Well, this training process really got me the first time. Since in Keras, you don’t have to deal with these many lines for training your model. Just model.fit(X, y, validation_split=0.2, epochs=100) is enough. But the downsides of this approach are: (1) It abstracts a lot of logic about what’s really happening with the model which is really important to know (2) We are feeding the entire training data rather than in batches for our computer memory to store. 

With PyTorch, you can overcome these disadvantages i.e., it makes you know more about what’s happening while training your model and offers a simple API (DataLoader function) to divide your data into batches. In other words, it offers comprehensible customization.

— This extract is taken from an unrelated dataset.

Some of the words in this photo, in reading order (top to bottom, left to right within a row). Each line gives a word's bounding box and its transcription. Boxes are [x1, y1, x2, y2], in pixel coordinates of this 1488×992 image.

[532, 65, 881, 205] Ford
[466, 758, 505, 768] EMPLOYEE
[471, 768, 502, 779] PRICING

Here’s the Tensorflow code if you want to divide the training dataset into batches and then train the model

# Load the training data in batches of 16
train_dataset = tf.data.Dataset.from_tensor_slices((X_train, y_train)).batch(16)
# Train the model
model.fit(train_dataset, epochs=100)

But as I mentioned it just hides too many details (i.e., how validation logic is happening, how losses are calculated per epoch combining batches etc…) from you which isn’t good practice since you need to know this logic, especially about how you train your model. 

Test the Model

# make sure no gradient accumulations happen during forward pass
with torch.no_grad():
    # list to collect losses across batches for one epoch
    test_losses = []
    for xb, yb in test_dl:
        # forward pass with no gradient accumulations
        pred = model(xb)
        # loss computation per batch
        loss_per_batch = loss_fn(pred, yb)
        test_losses.append(loss_per_batch)
    # print the overall loss
    print('Test Loss: {:.4f}'.format(torch.tensor(test_losses).mean()))

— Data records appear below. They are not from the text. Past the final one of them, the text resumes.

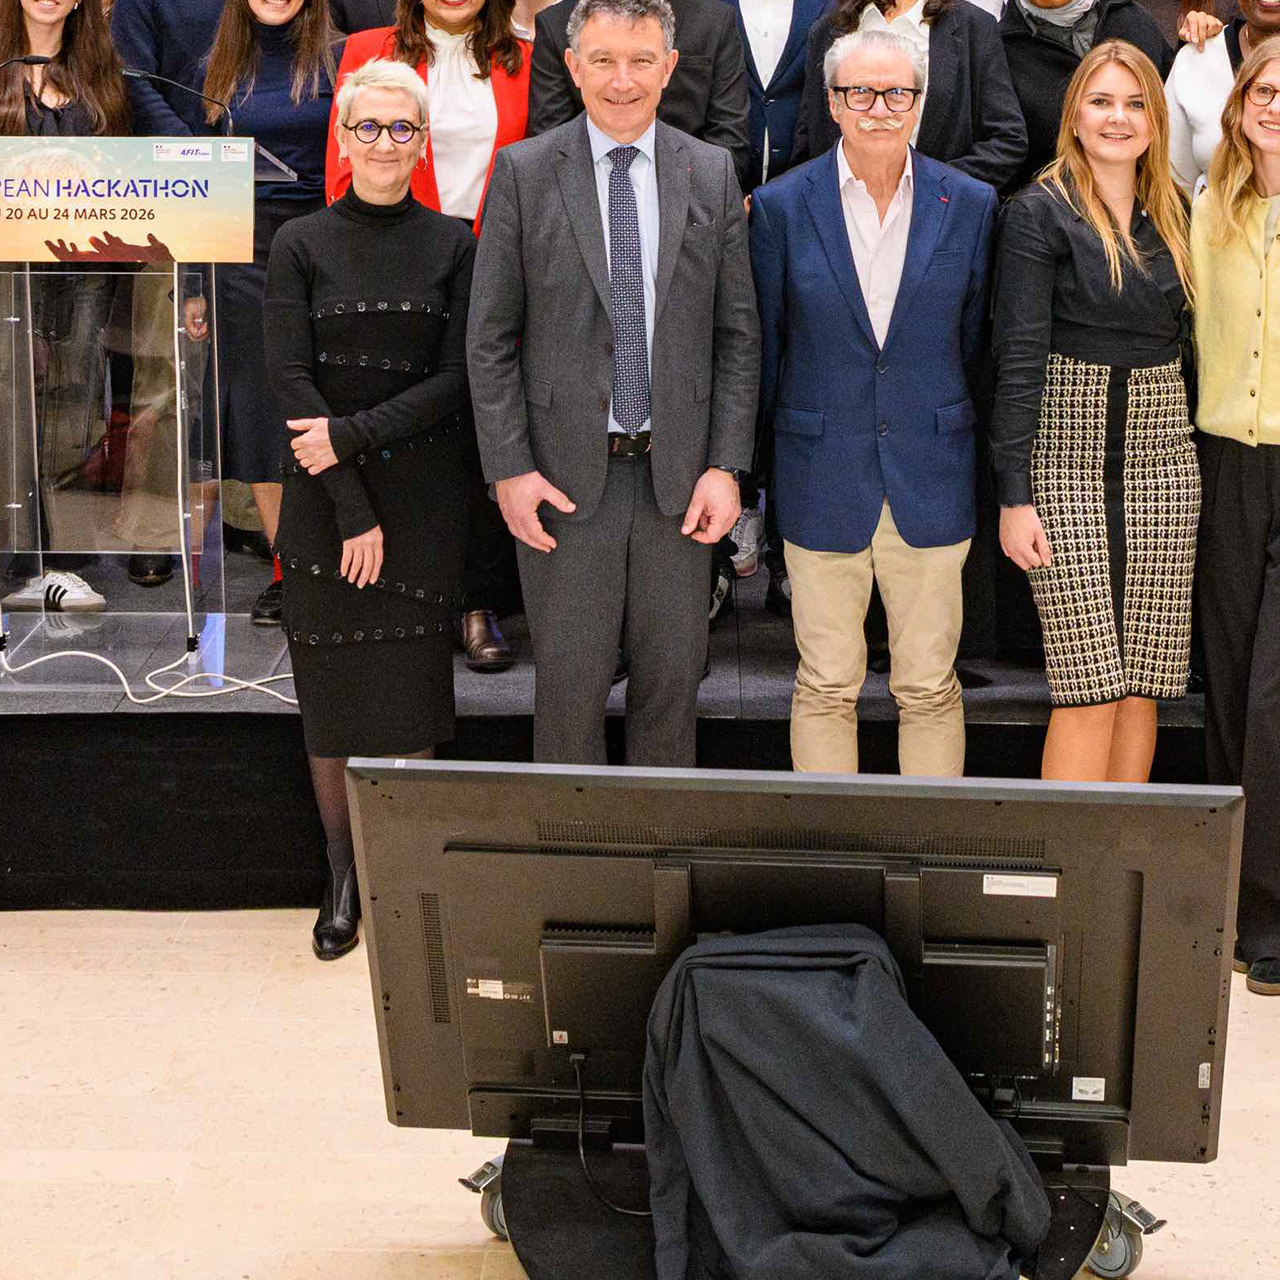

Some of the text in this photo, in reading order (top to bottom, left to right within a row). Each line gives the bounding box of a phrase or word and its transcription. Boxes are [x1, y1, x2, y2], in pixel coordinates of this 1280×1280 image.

[56, 179, 208, 198] HACKATHON
[5, 208, 23, 220] 20
[27, 208, 49, 220] AU
[53, 208, 69, 220] 24
[74, 208, 116, 220] MARS
[120, 208, 155, 220] 2026

Here the logic is no different from the validation logic written while we’re training our model. As you know, the 7 lines of code here are translated to just 1 line of code in Keras i.e., model.evaluate(X_test, y_test, batch_size=128) but as mentioned earlier it just hides a lot of good details from you. Note that there is no accuracy metric for regression problems since that doesn’t make sense.

We’re done but hold on!! You may recall that I’ve mentioned “best practices” for PyTorch in my blog title. Are the above lines of code manifest them? The answer is absolutely no. Let’s see the extra lines of code we need to include for building and training our neural network model that most research practitioners use rather than writing the above theoretical code. 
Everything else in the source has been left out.